2D Human Pose estimation using transformers. Implementation in Pytorch

Last update: Oct 17, 2022

Overview

PE-former: Pose Estimation Transformer

Vision transformer architectures perform very well for image classification tasks. Efforts to solve more challenging vision tasks with transformers rely on convolutional backbones for feature extraction.

POTR is a pure transformer architecture (no CNN backbone) for 2D body pose estimation. It uses an encoder-decoder architecture with a vision transformer as an encoder and a transformer decoder (derived from DETR).

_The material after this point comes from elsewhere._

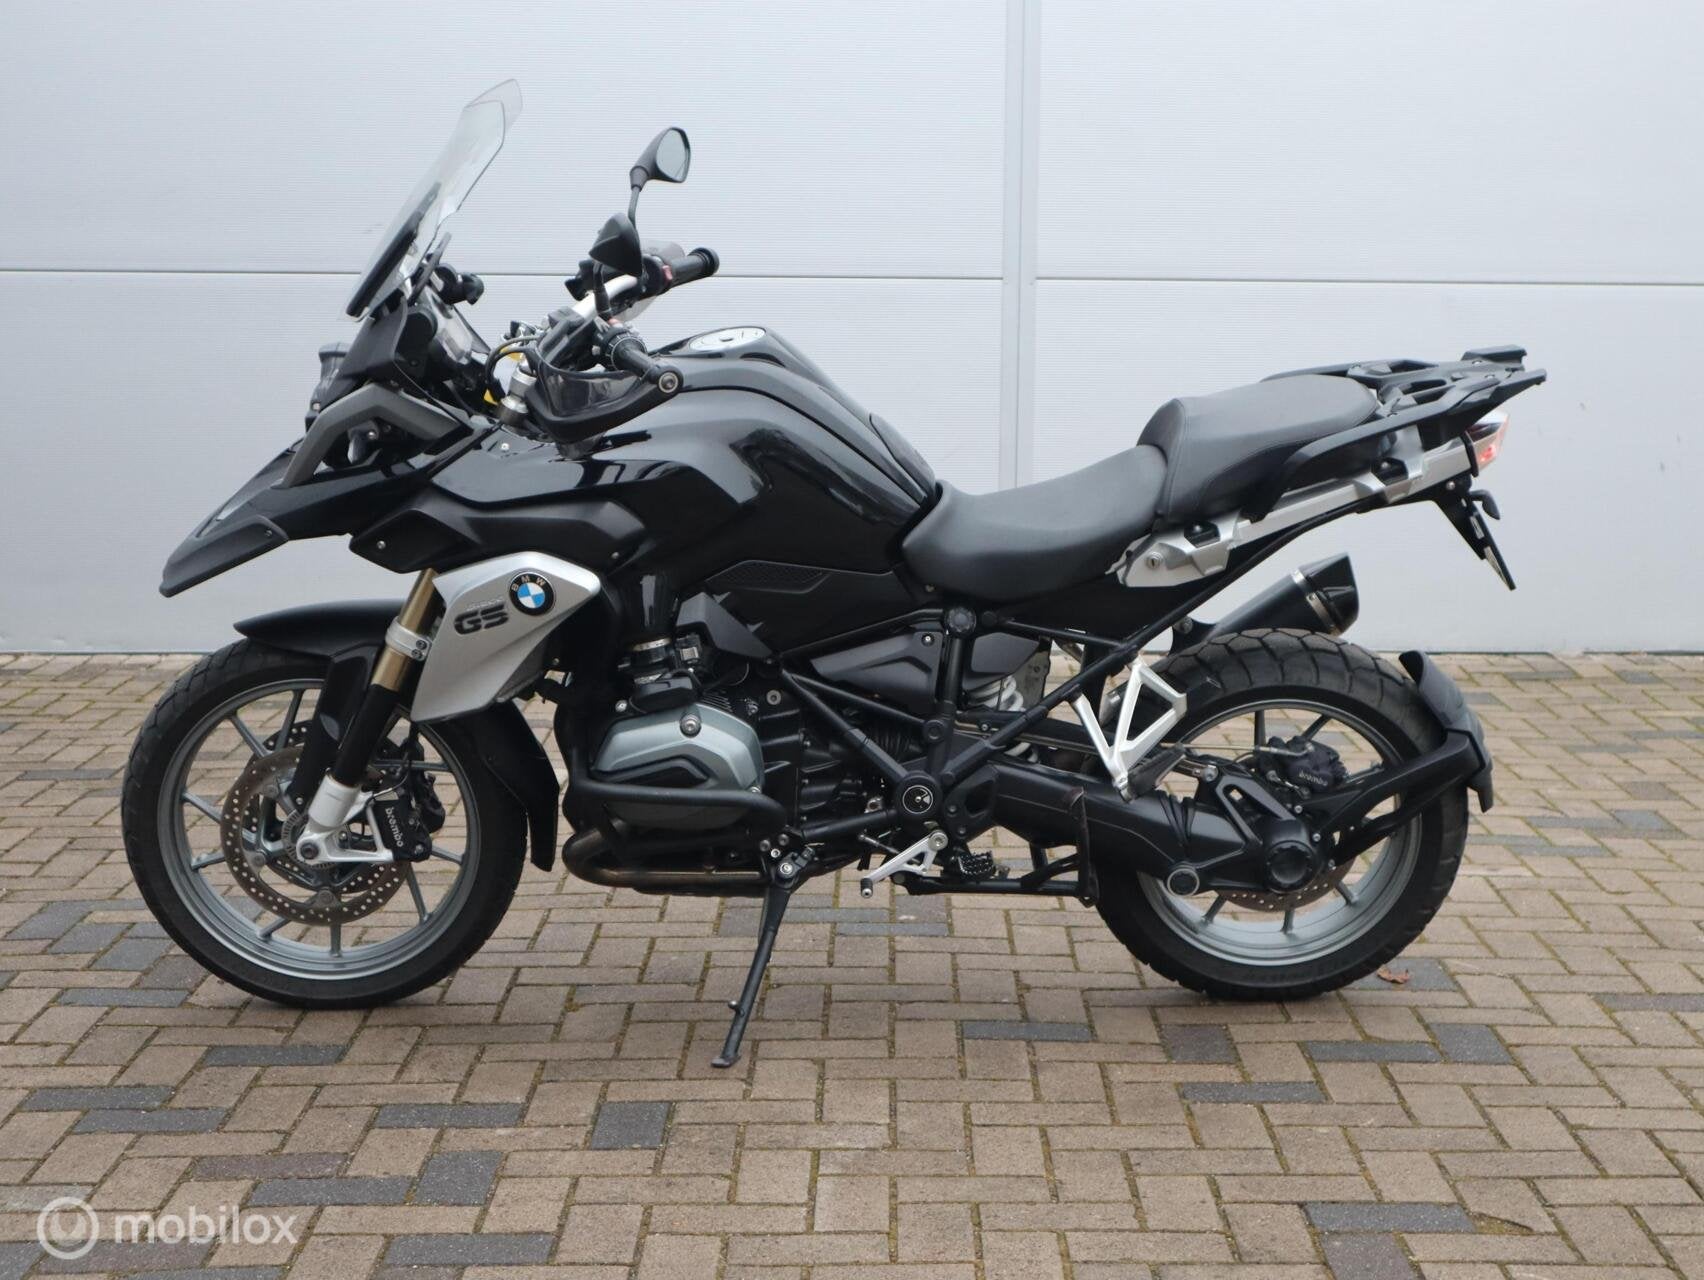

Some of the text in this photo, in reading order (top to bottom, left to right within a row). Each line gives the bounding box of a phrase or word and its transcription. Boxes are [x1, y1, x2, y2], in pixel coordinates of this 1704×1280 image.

[511, 574, 546, 592] BMW
[454, 603, 509, 635] GS
[385, 806, 404, 847] brembo

You can use the code in this repository to train and evaluate different POTR configurations on the COCO dataset.

Model

POTR is based on building blocks derived from recent SOTA models. As shown in the figure there are two major components: A Visual Transformer encoder, and a Transformer decoder.

The input image is initially converted into tokens following the ViT paradigm. A position embedding is used to help retain the patch-location information. The tokens and the position embedding are used as input to transformer encoder. The transformed tokens are used as the memory input of the transformer decoder. The inputs of the decoder are M learned queries. For each query the network will produce a joint prediction. The output tokens from the transformer decoder are passed through two heads (FFNs).

The first is a classification head used to predict the joint type (i.e class) of each query.
The second is a regression head that predicts the normalized coordinates (in the range [0,1]) of the joint in the input image.

Predictions that do not correspond to joints are mapped to a "no object" class.

Acknowledgements

The code in this repository is based on the following:

Thank you!

Preparing

Create a python venv and install all the dependencies:

python -m venv pyenv
source pyenv/bin/activate
pip install -r requirements.txt

Training

Here are some CLI examples using the lit_main.py script.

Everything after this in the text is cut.